▶ [ABOUT THIS EXERCISE]: Please restate every record below word for word and skip the pictures.

▶ [EXTRACTED INFORMATION]:
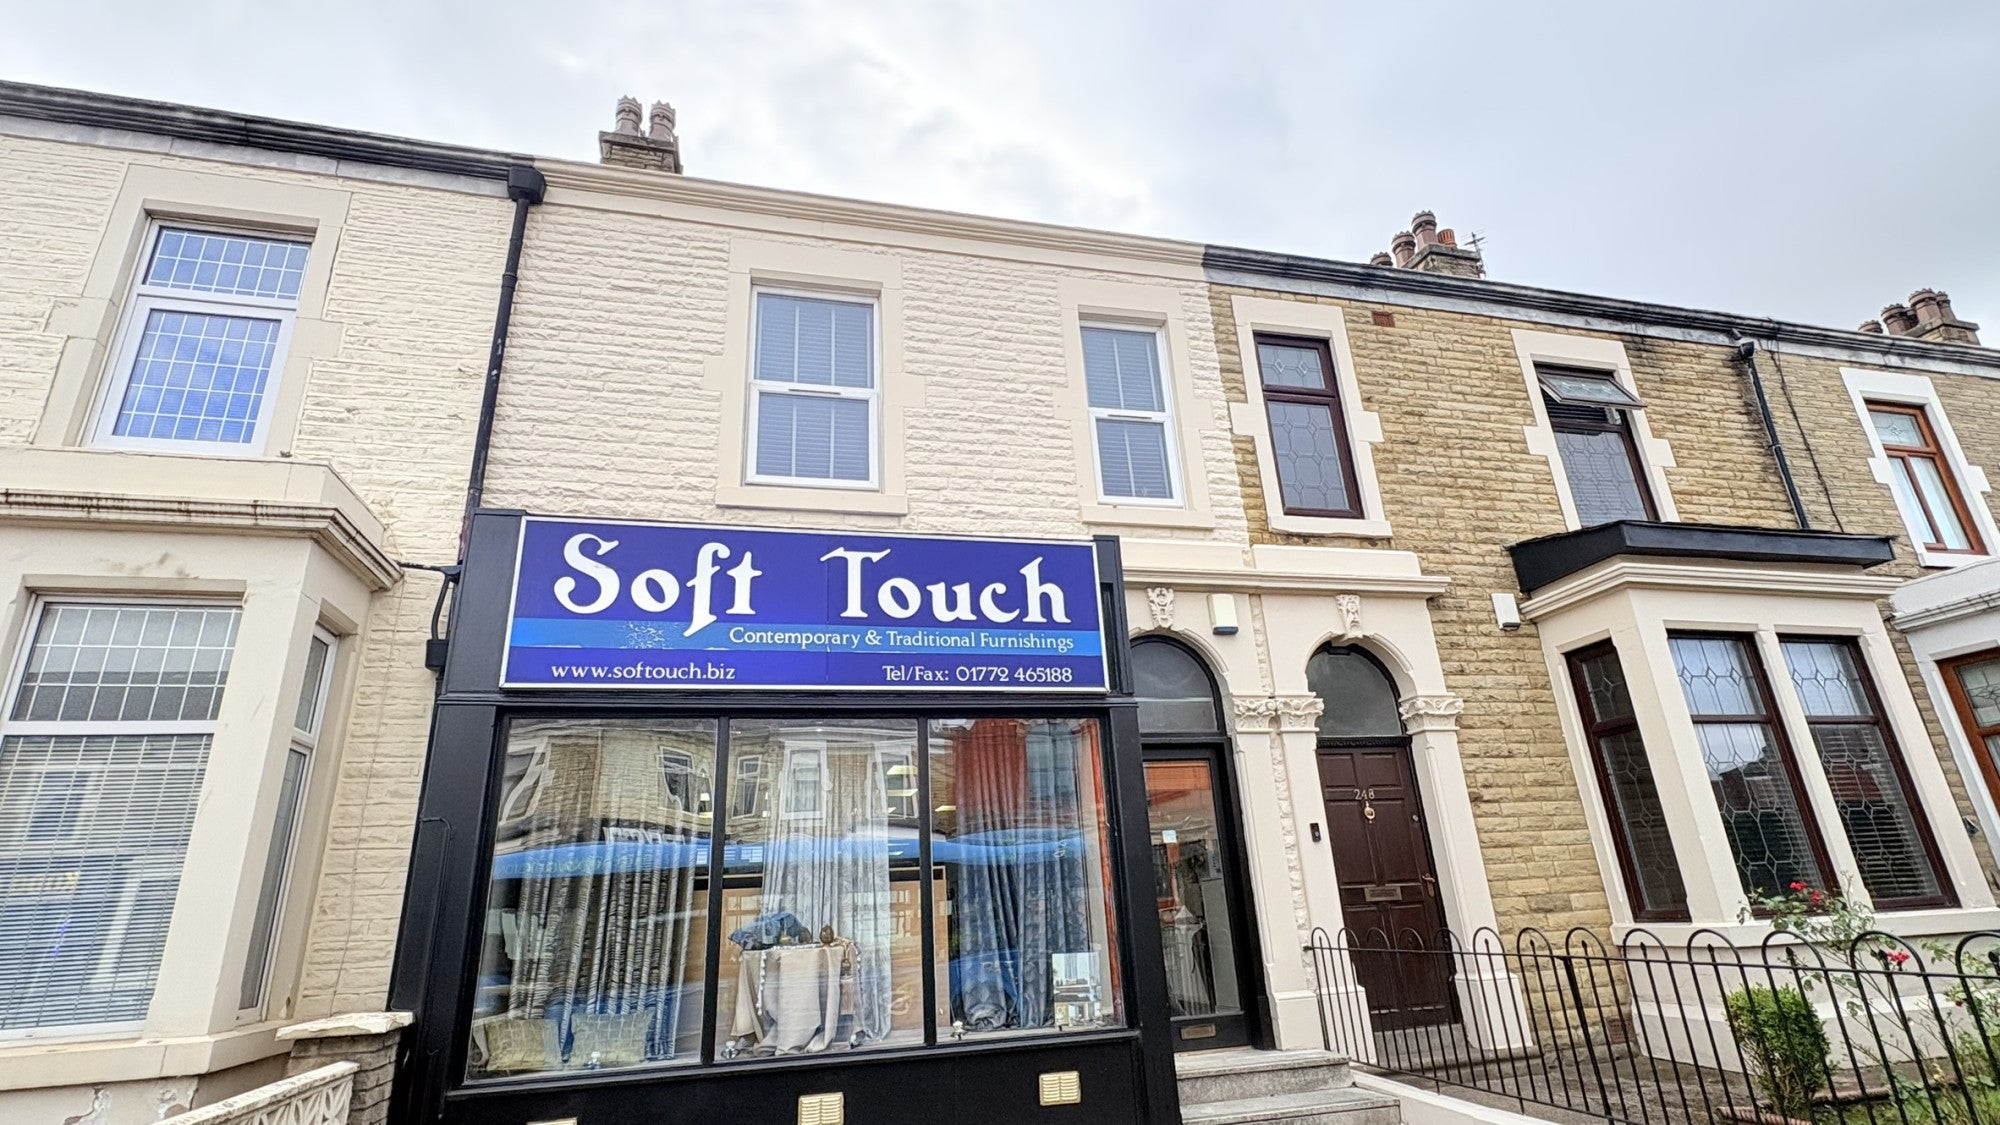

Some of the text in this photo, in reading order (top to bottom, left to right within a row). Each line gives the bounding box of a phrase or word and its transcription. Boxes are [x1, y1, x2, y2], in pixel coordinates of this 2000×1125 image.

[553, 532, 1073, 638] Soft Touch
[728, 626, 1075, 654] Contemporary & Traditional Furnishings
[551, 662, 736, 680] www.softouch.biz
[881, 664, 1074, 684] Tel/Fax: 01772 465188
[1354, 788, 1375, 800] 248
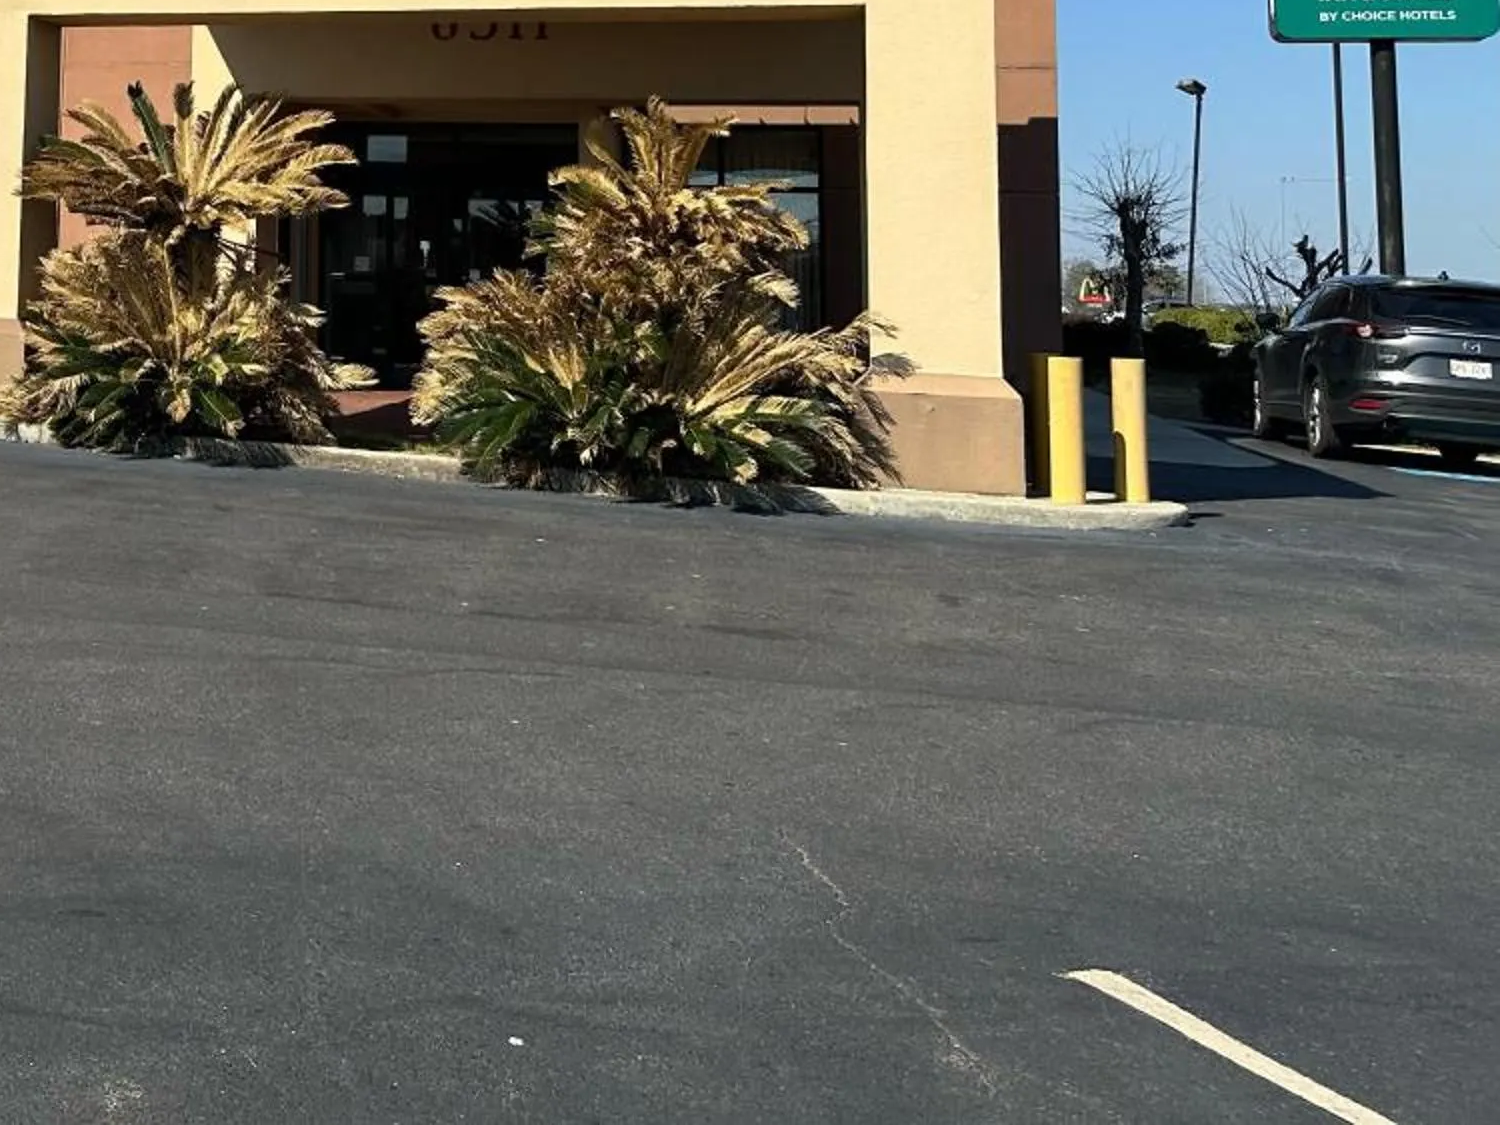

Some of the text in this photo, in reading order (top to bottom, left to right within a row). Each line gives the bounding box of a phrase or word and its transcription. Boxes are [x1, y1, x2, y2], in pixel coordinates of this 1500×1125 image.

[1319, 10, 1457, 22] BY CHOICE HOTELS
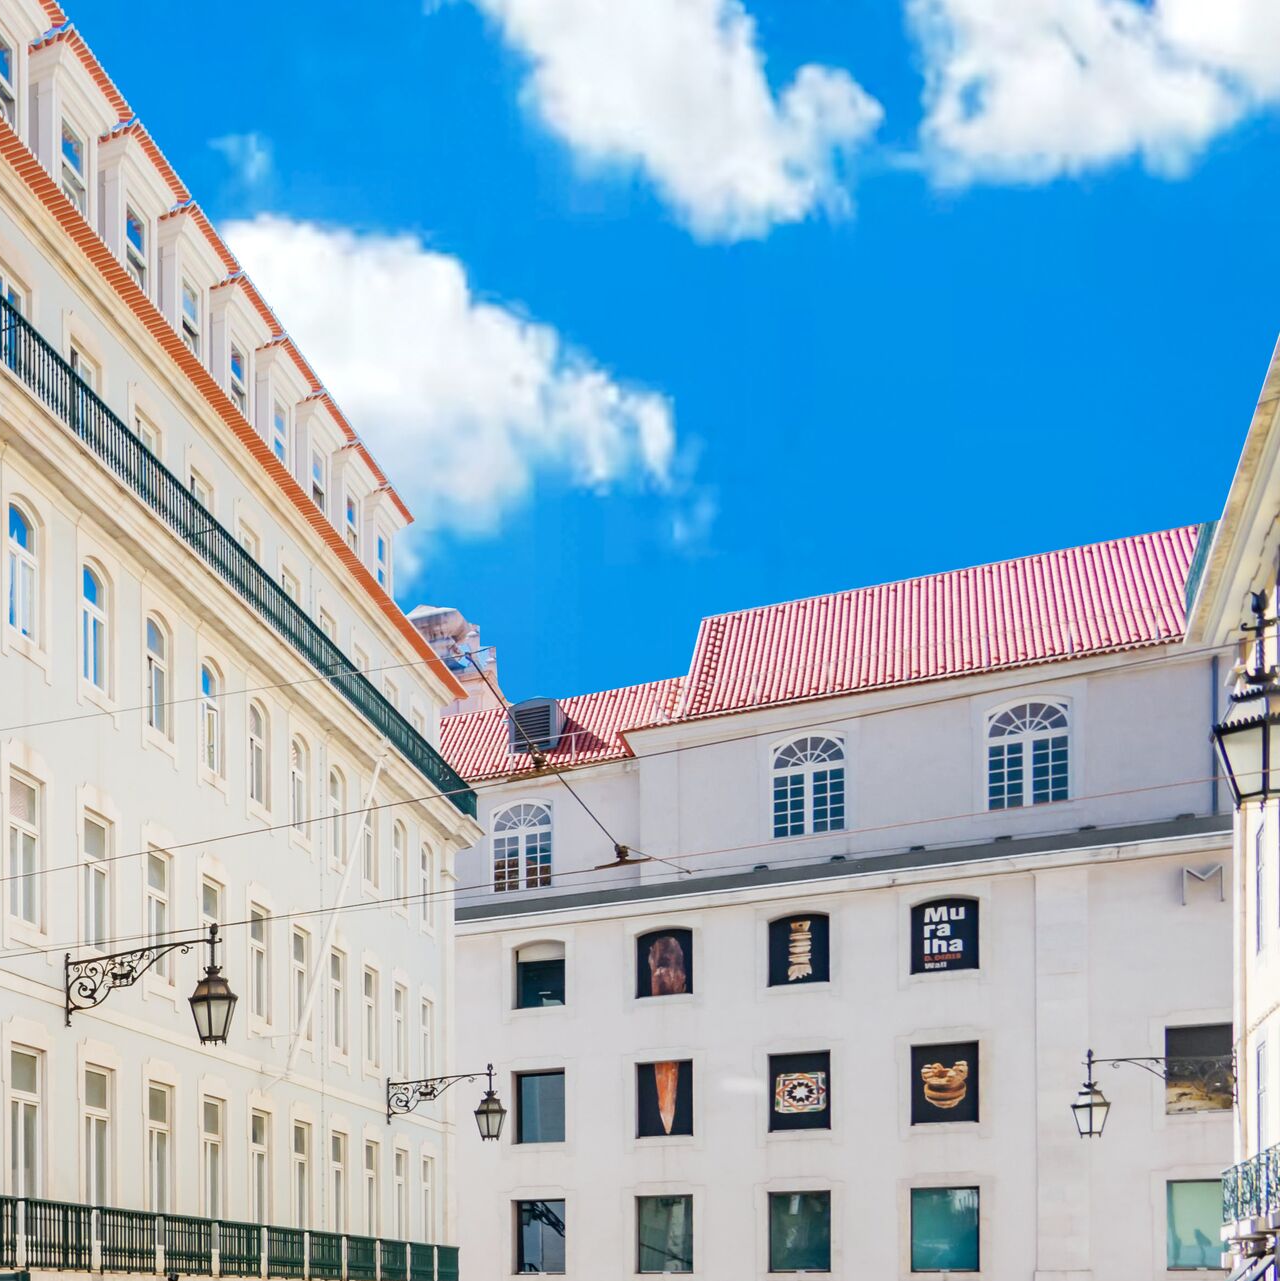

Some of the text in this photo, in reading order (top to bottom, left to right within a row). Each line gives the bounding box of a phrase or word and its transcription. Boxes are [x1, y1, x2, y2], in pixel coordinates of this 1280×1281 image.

▶ [EXERCISE RESULT]:
Some of the text in this photo, in reading order (top to bottom, left to right within a row). Each line gives the bounding box of a phrase or word and its transcription. Boxes are [x1, y1, x2, y2], in pixel coordinates of this 2000×1125 image.

[553, 532, 1073, 638] Soft Touch
[728, 626, 1075, 654] Contemporary & Traditional Furnishings
[551, 662, 736, 680] www.softouch.biz
[881, 664, 1074, 684] Tel/Fax: 01772 465188
[1354, 788, 1375, 800] 248

Some of the text in this photo, in reading order (top to bottom, left to right within a row). Each line gives the bounding box of a phrase or word and its transcription. Boxes are [x1, y1, x2, y2], in pixel coordinates of this 1500×1125 image.

[1319, 10, 1457, 22] BY CHOICE HOTELS

Some of the text in this photo, in reading order (top to bottom, left to right within a row). Each line gives the bounding box of a phrase or word and its transcription. Boxes are [x1, y1, x2, y2], in pixel coordinates of this 1280×1281 image.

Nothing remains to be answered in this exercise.